Dickman’s uses oat banker plants for aphid control and ‘Purple Flash’ ornamental peppers for thrip control on Lobularia. It also uses sachet packets for thrip control and beneficial nematodes to control fungus gnats and shore flies.
Dickman says their biocontrol program has been very successful, though it didn’t come overnight.
“2018 has been our best year yet for biocontrol,” he says. “Every year we get a little better at using biocontrols and the staff — not just growers — recognize problems quicker.”
Dickman says they don’t hire a person specifically for scouting, but it is necessary to have someone on board who has a passion for using biocontrols. Dickman Farms relies on two section growers to do most of the scouting, along with a garden center employee.
“The biggest challenge is being able to identify the greenhouse pests from the beneficial insects,” Dickman says. “When we first have someone start out scouting, they will scout with the section grower for the first three to four weeks so they can get trained recognizing the different insects on the sticky cards as well as in the crop.”
“Overall, we have better control with our beneficial program than we did with our traditional chemical application program,” he says.
The bottom line with biocontrols
“You have to be patient and be preventative,” Dickman advises. “Start out using small trials on specific crops you have struggled with in the past using chemicals.”

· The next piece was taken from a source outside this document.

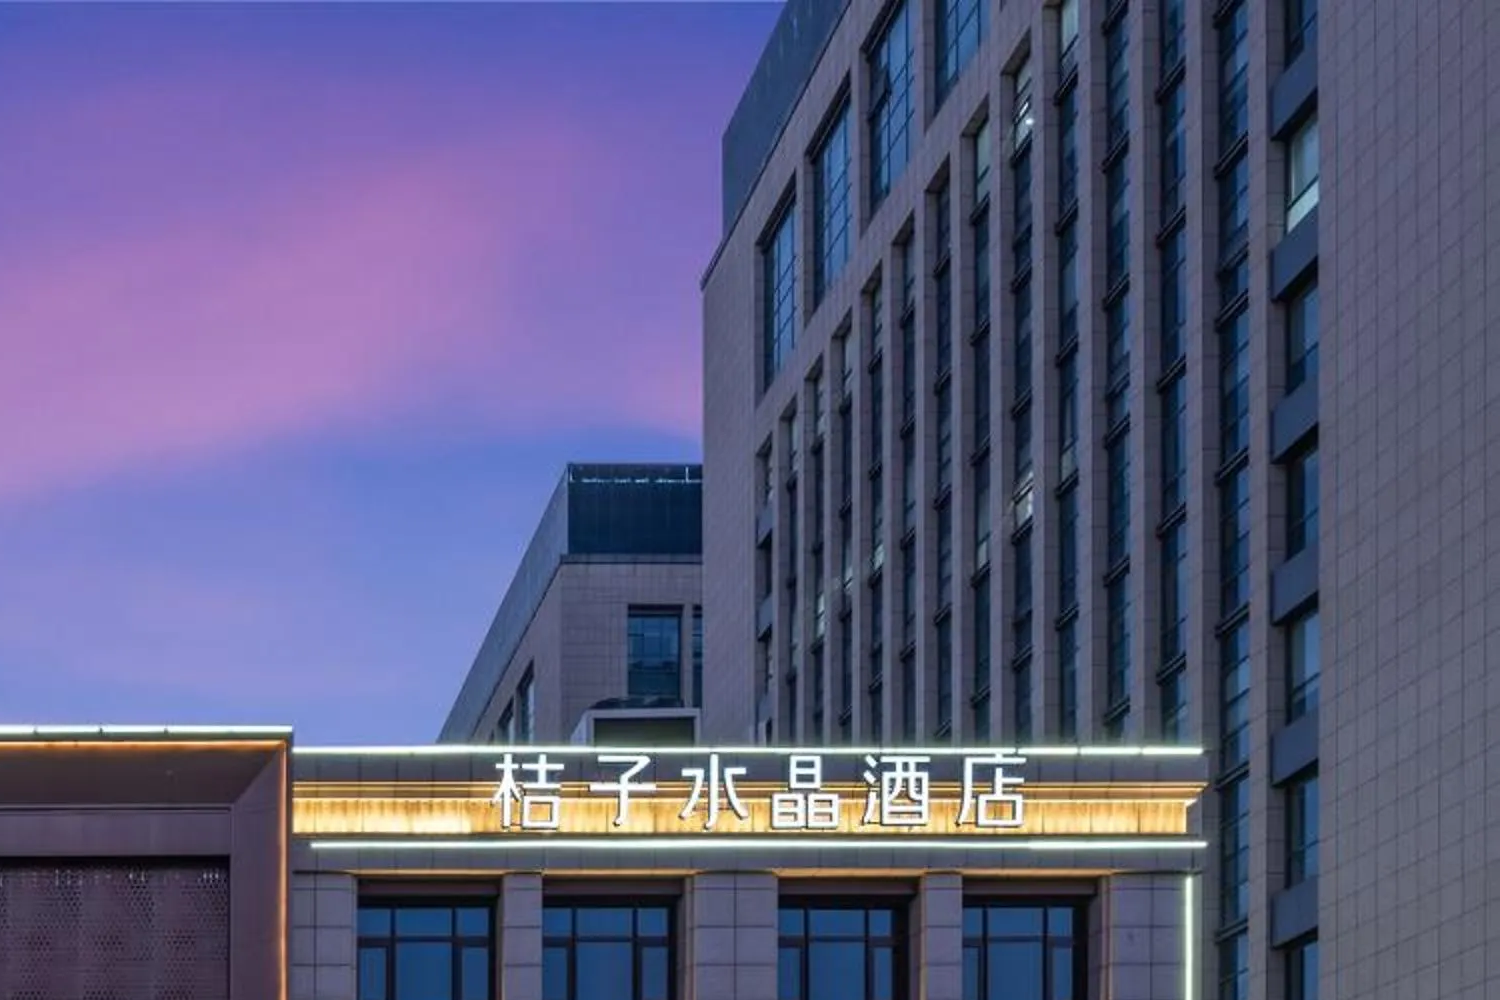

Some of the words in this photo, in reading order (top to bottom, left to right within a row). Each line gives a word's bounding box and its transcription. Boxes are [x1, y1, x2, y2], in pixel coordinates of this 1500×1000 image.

[491, 753, 1027, 829] 桔子水晶酒店
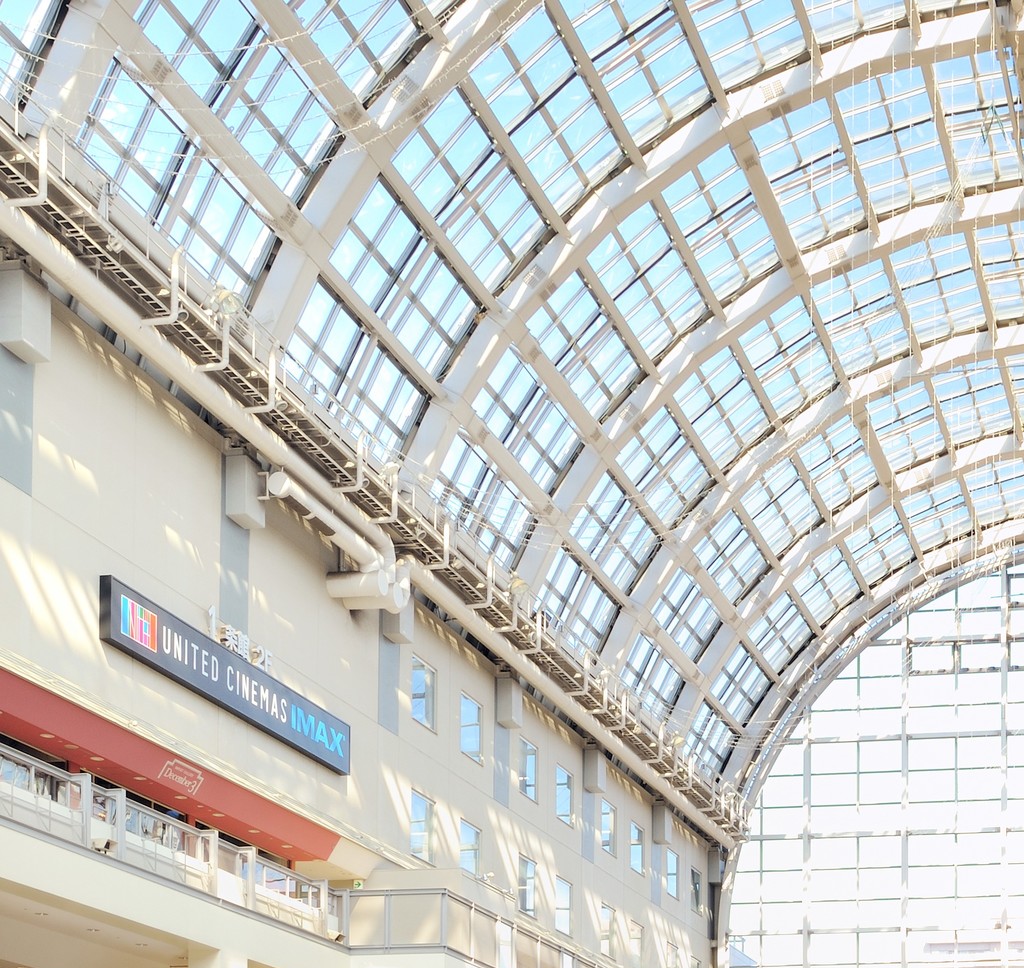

“If you have an outbreak of pests, biocontrols will never catch up to the population of the pest before too much damage has occurred,” he adds. “A grower will have failures in their biocontrol program — we have had plenty. [The] first thing is to learn from the mistake that has occurred, try not to make the mistake again and don’t give up on bios because you didn’t get the control that you had hoped to achieve. Lastly, seek out advice from other growers and suppliers. There is a lot of work that goes into launching a beneficial program. Make sure you have ‘buy-in’ from everyone on the team.”